The records
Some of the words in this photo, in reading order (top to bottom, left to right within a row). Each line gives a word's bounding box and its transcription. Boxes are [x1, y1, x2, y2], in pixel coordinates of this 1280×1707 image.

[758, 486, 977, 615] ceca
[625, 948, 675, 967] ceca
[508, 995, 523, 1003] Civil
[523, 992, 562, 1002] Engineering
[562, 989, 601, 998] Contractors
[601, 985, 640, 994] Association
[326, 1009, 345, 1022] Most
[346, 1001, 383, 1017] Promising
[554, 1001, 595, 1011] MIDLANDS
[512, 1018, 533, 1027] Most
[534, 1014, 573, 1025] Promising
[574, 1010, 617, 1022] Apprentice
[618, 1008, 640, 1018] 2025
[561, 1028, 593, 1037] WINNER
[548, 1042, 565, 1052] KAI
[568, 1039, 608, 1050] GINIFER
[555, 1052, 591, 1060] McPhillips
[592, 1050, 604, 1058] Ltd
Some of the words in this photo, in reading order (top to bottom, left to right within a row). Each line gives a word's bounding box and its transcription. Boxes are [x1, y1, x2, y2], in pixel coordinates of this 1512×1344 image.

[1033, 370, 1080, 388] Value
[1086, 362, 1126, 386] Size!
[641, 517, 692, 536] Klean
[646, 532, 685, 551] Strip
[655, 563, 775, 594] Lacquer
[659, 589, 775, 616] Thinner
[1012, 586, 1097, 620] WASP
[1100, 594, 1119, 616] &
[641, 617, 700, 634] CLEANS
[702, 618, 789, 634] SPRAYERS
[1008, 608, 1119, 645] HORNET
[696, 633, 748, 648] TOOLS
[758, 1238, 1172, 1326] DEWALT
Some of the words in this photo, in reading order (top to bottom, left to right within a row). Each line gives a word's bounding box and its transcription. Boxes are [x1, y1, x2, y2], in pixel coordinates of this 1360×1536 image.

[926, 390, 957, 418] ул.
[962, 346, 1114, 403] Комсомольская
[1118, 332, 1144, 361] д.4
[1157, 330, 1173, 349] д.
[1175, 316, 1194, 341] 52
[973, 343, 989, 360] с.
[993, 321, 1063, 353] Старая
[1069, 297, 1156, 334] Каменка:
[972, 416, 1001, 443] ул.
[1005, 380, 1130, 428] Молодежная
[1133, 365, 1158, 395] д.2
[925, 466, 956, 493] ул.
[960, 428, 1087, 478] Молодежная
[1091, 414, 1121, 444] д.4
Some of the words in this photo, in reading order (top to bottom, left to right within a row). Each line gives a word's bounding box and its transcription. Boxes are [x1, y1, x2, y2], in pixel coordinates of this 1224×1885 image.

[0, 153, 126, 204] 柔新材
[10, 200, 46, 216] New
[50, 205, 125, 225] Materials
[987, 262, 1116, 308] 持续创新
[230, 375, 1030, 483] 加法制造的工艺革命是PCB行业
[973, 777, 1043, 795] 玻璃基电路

Instructions to follow
Every line from the one holding "this 1224×1885 image." through the last line of the listing above should be set down exactly, and nothing more.

Answer below
Some of the words in this photo, in reading order (top to bottom, left to right within a row). Each line gives a word's bounding box and its transcription. Boxes are [x1, y1, x2, y2], in pixel coordinates of this 1224×1885 image.

[0, 153, 126, 204] 柔新材
[10, 200, 46, 216] New
[50, 205, 125, 225] Materials
[987, 262, 1116, 308] 持续创新
[230, 375, 1030, 483] 加法制造的工艺革命是PCB行业
[973, 777, 1043, 795] 玻璃基电路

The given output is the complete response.